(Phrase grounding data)

# # # # #

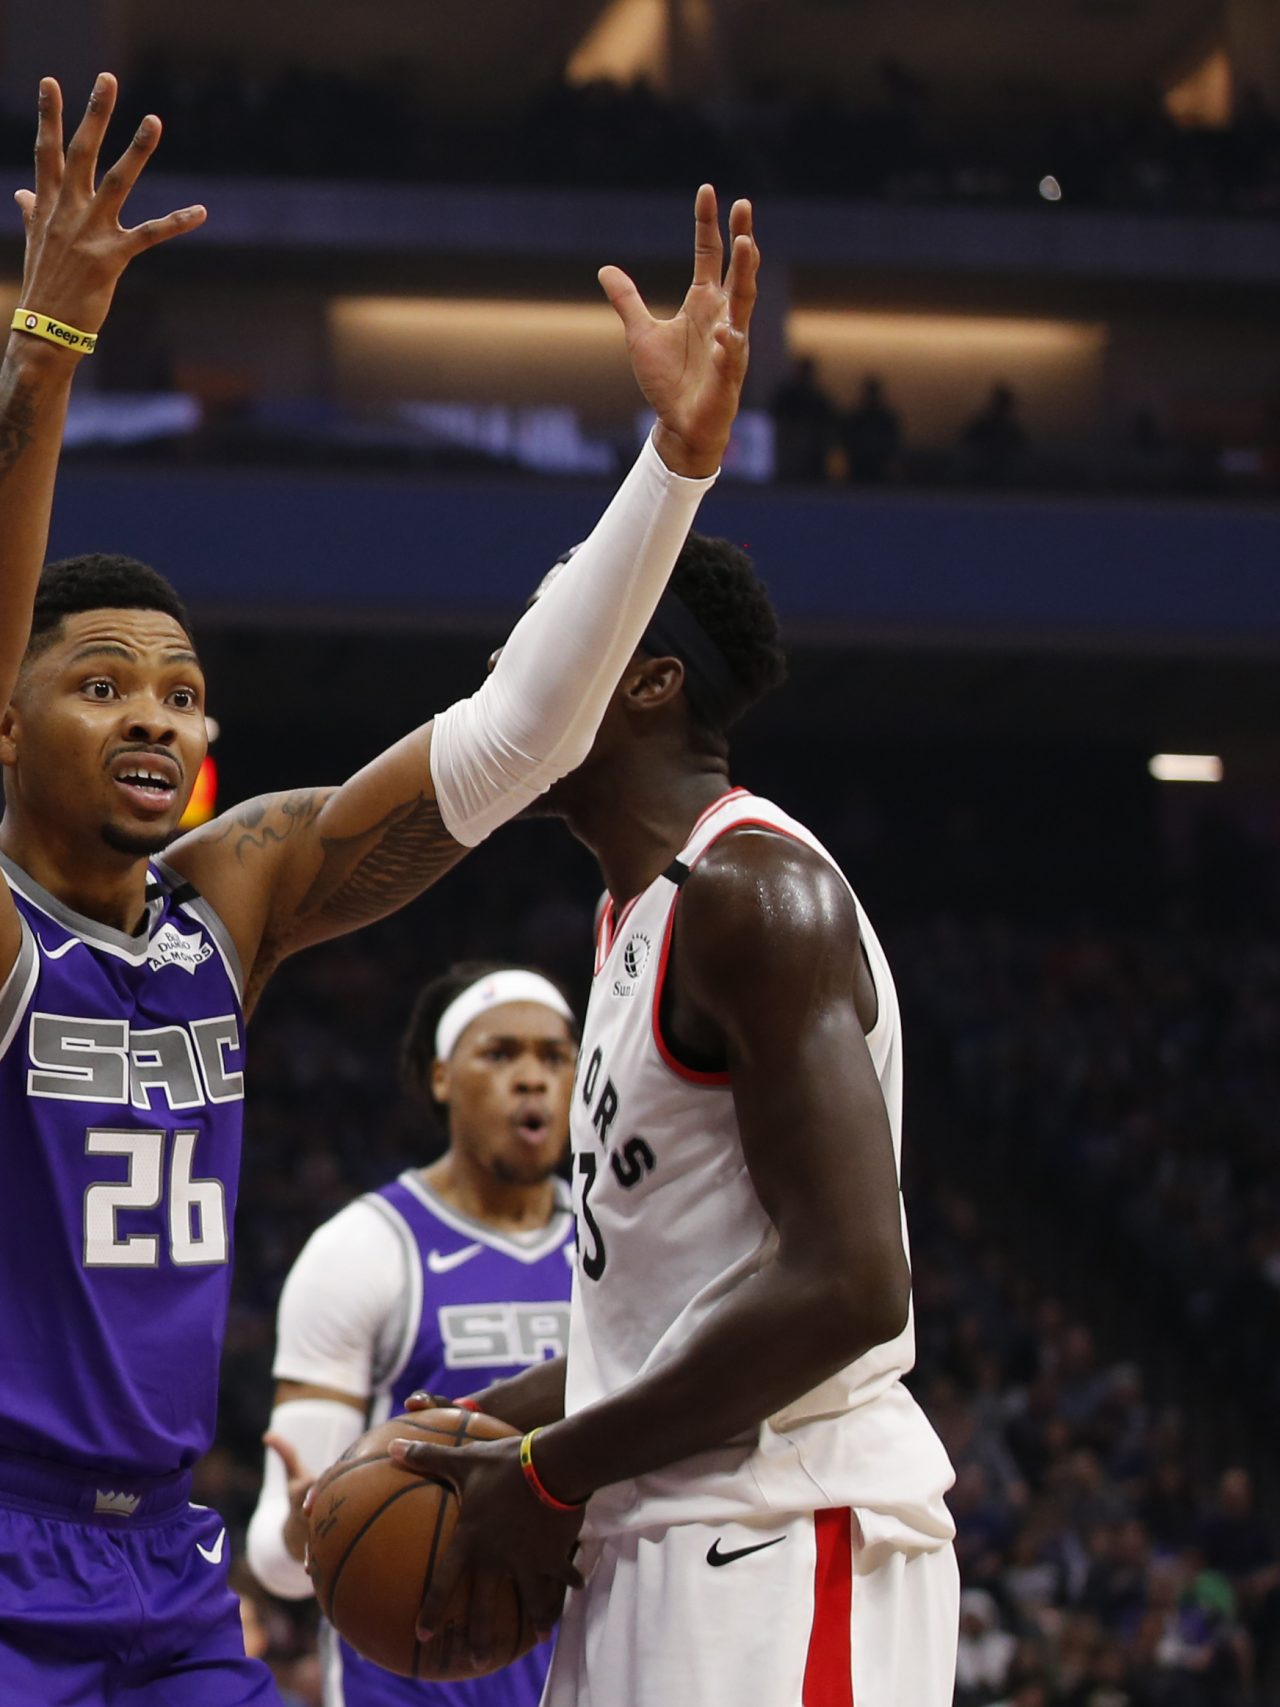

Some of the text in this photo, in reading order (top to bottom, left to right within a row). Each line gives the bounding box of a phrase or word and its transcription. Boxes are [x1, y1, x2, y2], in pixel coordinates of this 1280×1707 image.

[47, 322, 79, 345] Keep
[26, 1012, 245, 1110] SAC
[577, 1047, 656, 1189] ORS
[83, 1128, 228, 1268] 26
[571, 1152, 606, 1281] 3
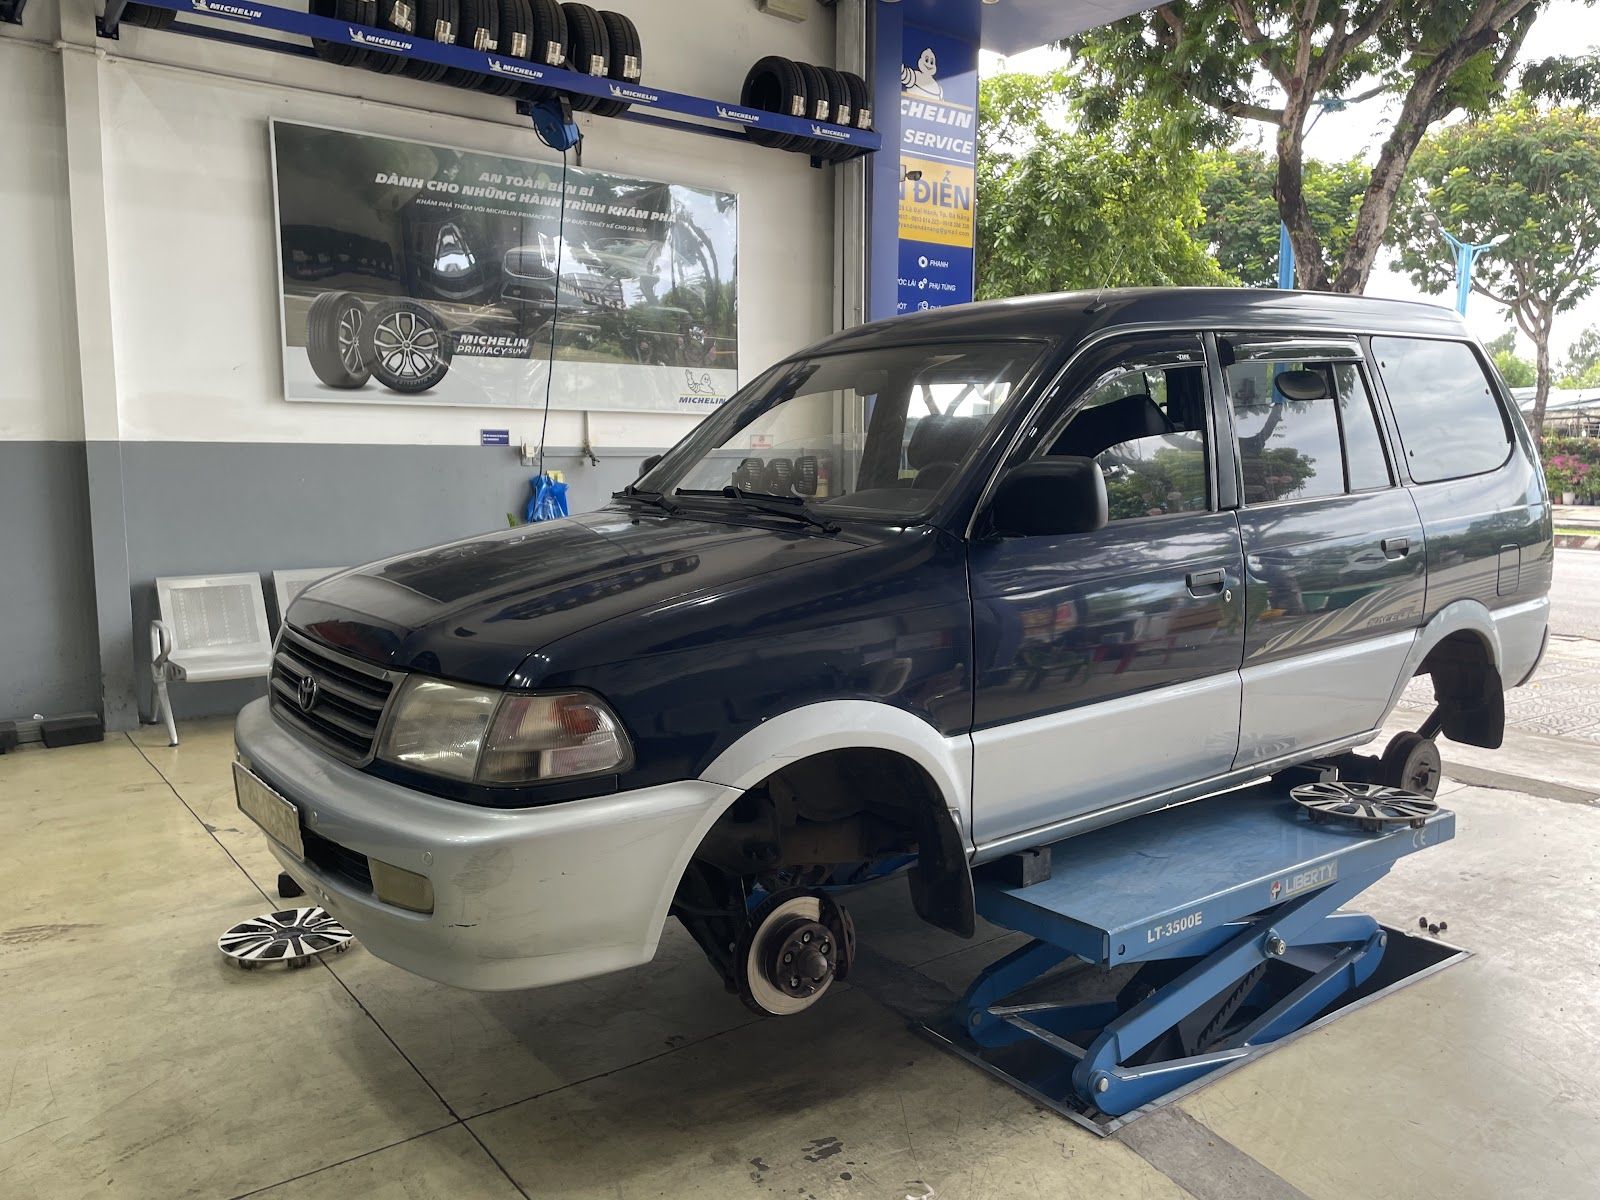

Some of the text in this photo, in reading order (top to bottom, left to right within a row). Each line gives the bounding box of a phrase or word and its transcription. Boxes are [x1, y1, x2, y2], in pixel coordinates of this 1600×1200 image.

# # # # #

Reproduce all of the data exactly; the pictures do not belong in the copy.

Some of the text in this photo, in reading order (top to bottom, left to right within a row). Each line gives the bounding box of a phrase or word and its transcription. Boxes are [x1, y1, x2, y2], in pixel coordinates of this 1280×1707 image.

[47, 322, 79, 345] Keep
[26, 1012, 245, 1110] SAC
[577, 1047, 656, 1189] ORS
[83, 1128, 228, 1268] 26
[571, 1152, 606, 1281] 3

Some of the text in this photo, in reading order (top to bottom, left to right within a row). Each line gives the bounding box of a phrase or word and its transcription. Boxes are [x1, y1, x2, y2], in pixel coordinates of this 1600×1200 image.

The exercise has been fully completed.